One reason certainly is, that they, the men of science, at least, have not made religion sufficiently a point of their study to know the force of the arguments that have been urged in its favour their pursuits are for the most part limited to one point, and it cannot, or ought not to be expected that single-eyed science can -furnish them with all which such a subject naturally demands. It is by extending the view more widely round the horizon, that the great truth will become necessarily obvious to the sight. We may indeed assert of those philosophers who have so enlarged their prospects, that their religious feeling has increased in the same proportion in which their sphere of vision was expanded; and they have been, that is, the wisest and ablest of them, the very persons who have enrolled themselves in the lists as the most zealous champions of religion.

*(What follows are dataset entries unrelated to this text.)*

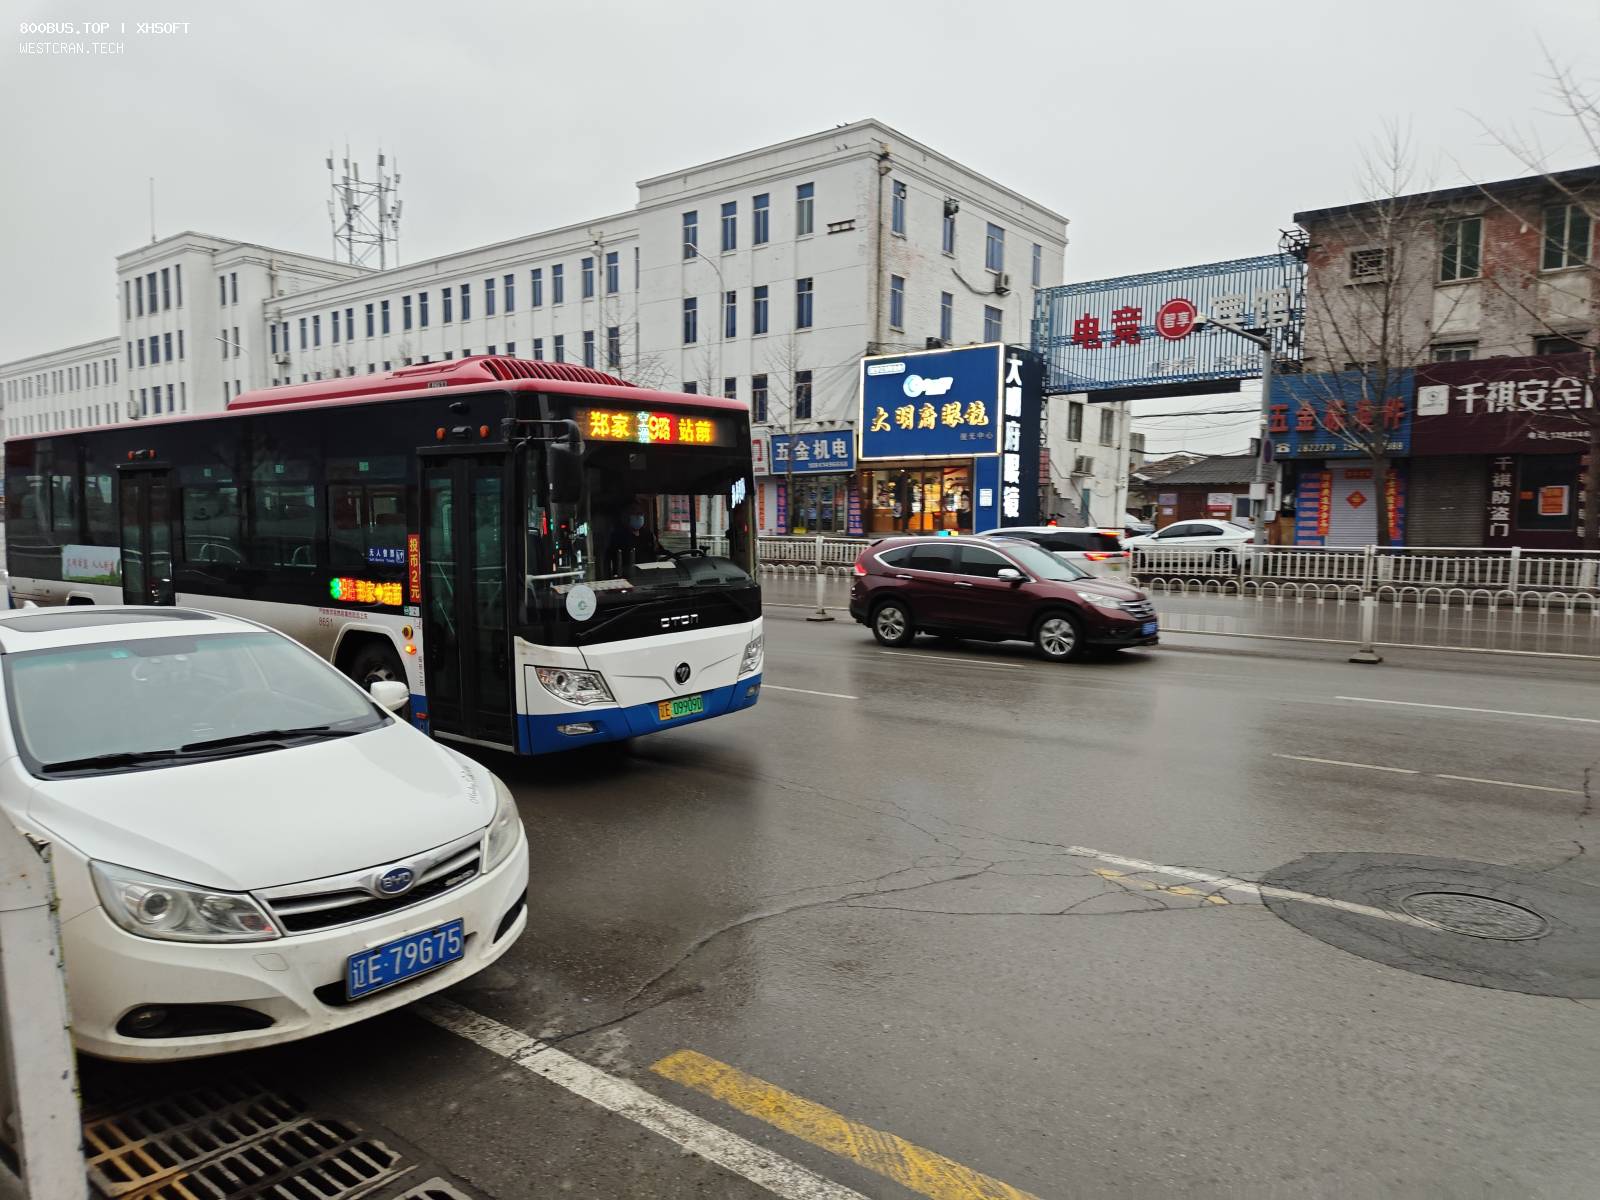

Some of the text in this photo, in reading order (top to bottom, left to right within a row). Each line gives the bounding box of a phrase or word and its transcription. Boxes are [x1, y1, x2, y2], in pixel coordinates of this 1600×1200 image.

[1072, 305, 1142, 350] 电竞
[590, 410, 630, 438] 郑家
[678, 418, 714, 442] 站前
[870, 400, 989, 432] 大明府眼镜
[775, 438, 849, 461] 五金机电
[408, 538, 420, 599] 投币2元
[382, 871, 411, 887] BYD
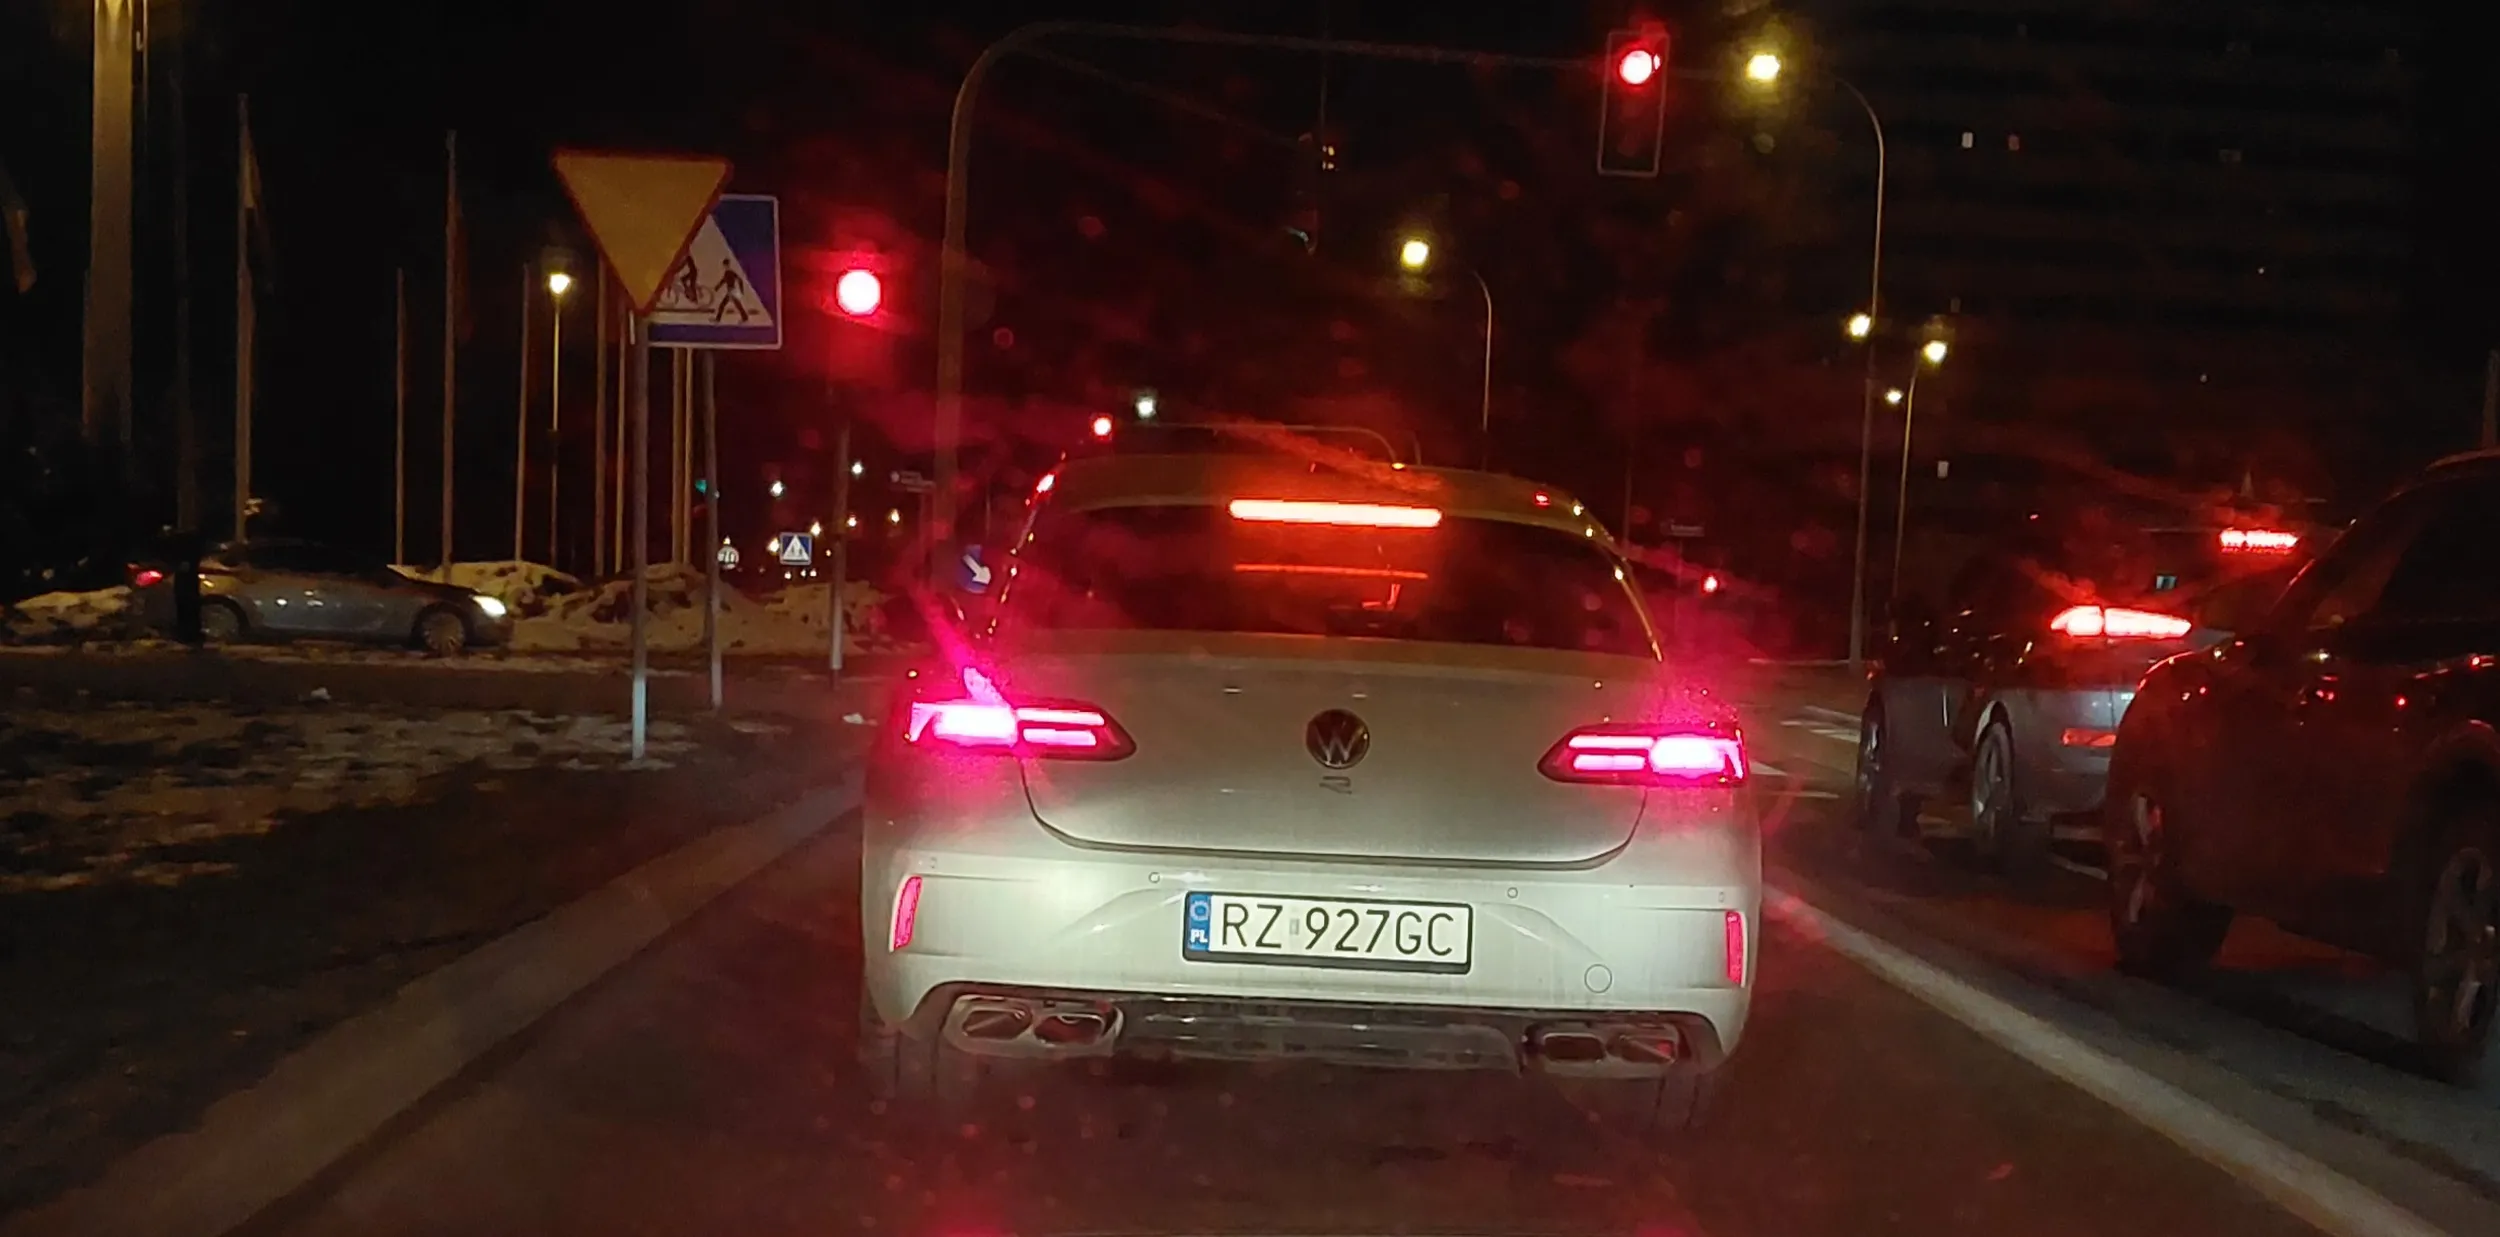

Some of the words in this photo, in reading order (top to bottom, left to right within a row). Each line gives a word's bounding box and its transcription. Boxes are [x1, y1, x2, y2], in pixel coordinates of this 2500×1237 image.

[1191, 928, 1208, 943] PL
[1221, 903, 1283, 948] RZ
[1305, 906, 1454, 956] 927GC

Milton was one of the most learned persons of whom we have any account from history; he wrote on education, on politics, composed poetry, as is well known, both in Latin and English; and yet employed his pen also on religious subjects, many of which are given in his works; and an additional theological treatise lately discovered, is now about to be published to the world.

Locke was eminently distinguished for the variety of his attainments, as the style of his essays will attest. He is celebrated by Sydenham for his skill in medicine, and his writings embrace not merely the philosophy of the mind, but, civil government, the value of money, education, and (though a layman) also theology.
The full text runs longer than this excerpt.